Mon. Dec 9th, 2024

HERD ABOUT IT?

by Ana Grarian

Ana is in the midst of moving. Actually at the tail end of it. Must be why I feel like sh*%! (pun intended) My daughter and granddaughter and I are continuing the family tradition of mixed generational living. We have been looking for a place for several years now. Then one day, after seeing yet another place that was too expensive, too small and in a bad location, we stopped in at a house that had been on the rental market for several years. That was it! We found our new home.

In late December. In the middle of the normal rental cycle. In CNY winter. During the holidays. We had two weeks to sublet our old apartments and move. Oh – and the contractor was not finished working on the new place. (Not a new, new place. An old house that needs plenty of work. Just new to us)

So we moved in while the stairs were being carpeted and the paint on the bedroom floors needed to dry. The first night the new thermostat didn’t work and we had no heat. The bathroom is a filthy disaster that we barely can use out of necessity. The contractor has vacated the premises apparently angry that his nice warm, inside winter job is gone. We get to clean up the trash, paint and dust.

Did I tell you we moved out of 2nd floor apartments into a two story house? Ana’s hips are complaining. And I mean we moved. We didn’t hire a moving company. We got some friends to help on the biggest day and borrowed my old van from my other daughter. We packed, hauled, scrubbed around our work schedule, and the holidays.

It’s not like moving a farm. Finding ways to move equipment and livestock and feed. Trying to do chores around all the other work, while trying to keep the stress of the move from hurting the livestock, decreasing milk production, causing animals to lose weight or lose a calf or a litter of pigs.
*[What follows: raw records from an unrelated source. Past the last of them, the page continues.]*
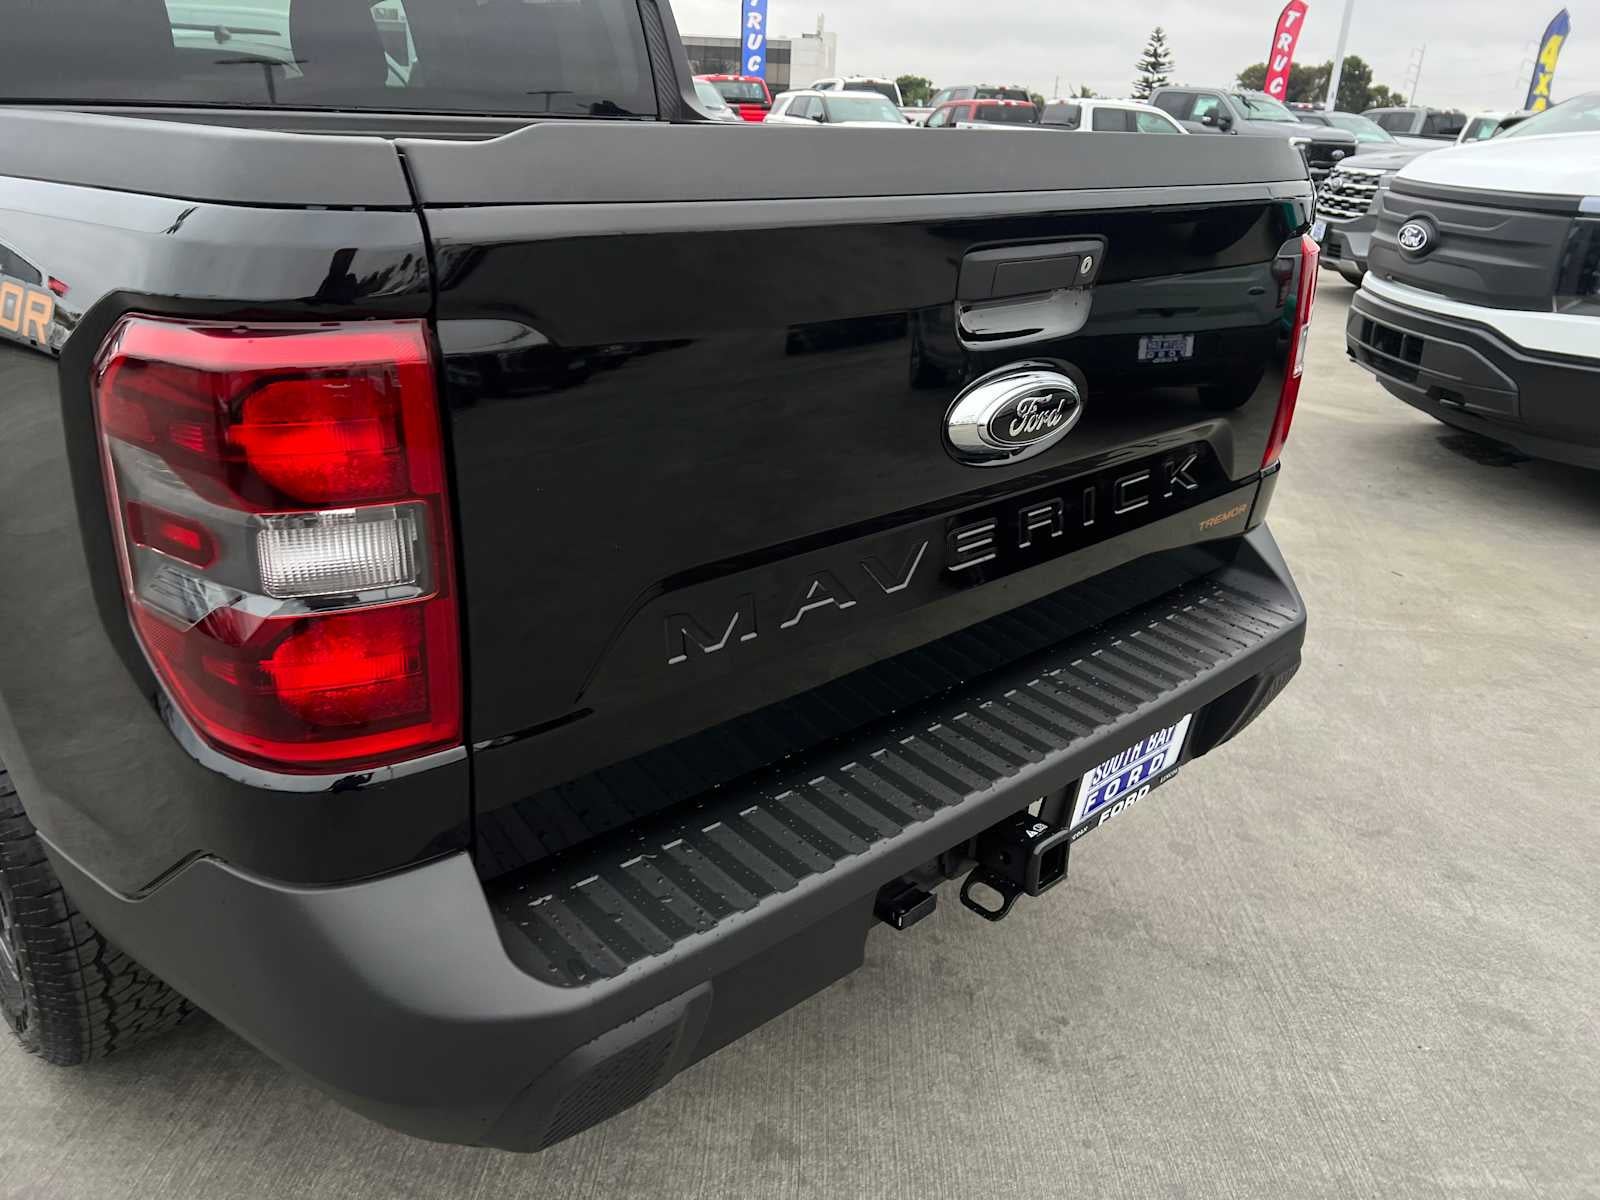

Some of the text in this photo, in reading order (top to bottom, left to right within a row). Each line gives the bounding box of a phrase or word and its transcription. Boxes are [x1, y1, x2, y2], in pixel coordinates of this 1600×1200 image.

[1009, 393, 1065, 437] Ford
[1199, 503, 1248, 530] TREMOR
[664, 452, 1198, 664] MAVERICK
[1083, 752, 1165, 816] FORD
[1097, 784, 1151, 828] FORD
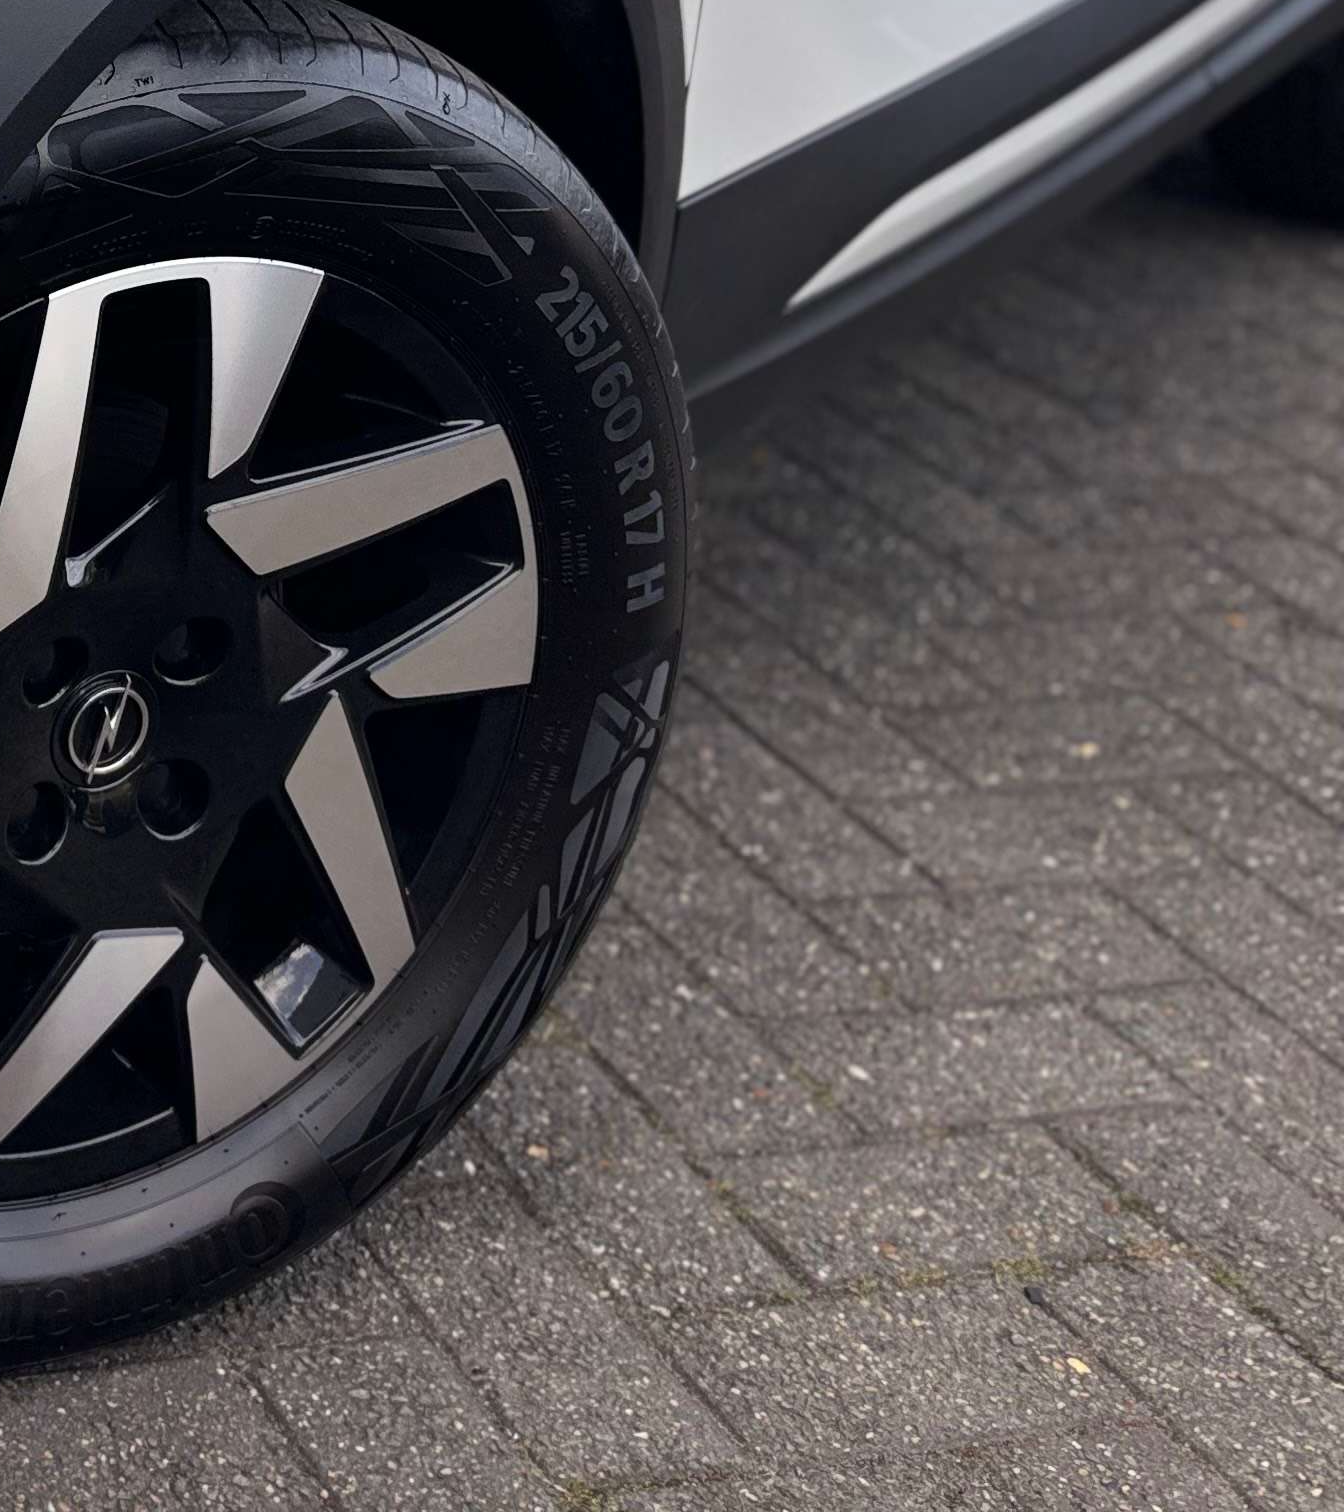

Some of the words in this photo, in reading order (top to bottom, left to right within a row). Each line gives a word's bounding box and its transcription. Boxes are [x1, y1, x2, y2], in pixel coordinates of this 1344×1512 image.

No this is much easier. Both the dog and the cat have settled in, and the rabbit and hamster will be OK once we stop moving everything – including their cages – around.

It will be worth it. We each have our own rooms. There is room for sewing machines and a craft table. The dog has a fenced in back yard. A minuscule back yard, but a yard where she can be outside without a leash. There is room to garden – not much – and on the side of a busy street – but a garden none the less.There is a kitchen – of sorts. Who builds a 10×10 kitchen with four – count them – 4 – doorways into it? The stove sits in front of a window covering part of it and looking all yucky from the outside. There are no counters on either side of it because you have to leave room for the cellar door to open. There is no outside access to the cellar. The refrigerator is blocked when the back door is open. Not the farmhouse kitchen we would have liked – but we’ll manage – because…….there is a porch. A beautiful deep, covered porch….currently covered in boxes, bags, sports equipment and other detritus of our lives….but one day it will have a porch swing and some rockers and look out on the garden.

And it will be our garden. With carrots and tomatoes and cucumbers and peppers

and flowers and all sorts of good things.


By AFarmer

0 0 votes
Article Rating
Subscribe
Notify of
guest

1 Comment
Oldest
Newest Most Voted
Inline Feedbacks
View all comments
RS Janes
13 years ago

Good for you, Ana! And glad to hear you’ve found a place you really like. (As far as the ‘moving nightmare,’ I can empathize having just gone through it in 2010. We had a similar situation — rented a U-Haul truck for bigger items and had many trips in borrowed vans for the rest — after 18 years at the old place, it took us nearly two months to move.)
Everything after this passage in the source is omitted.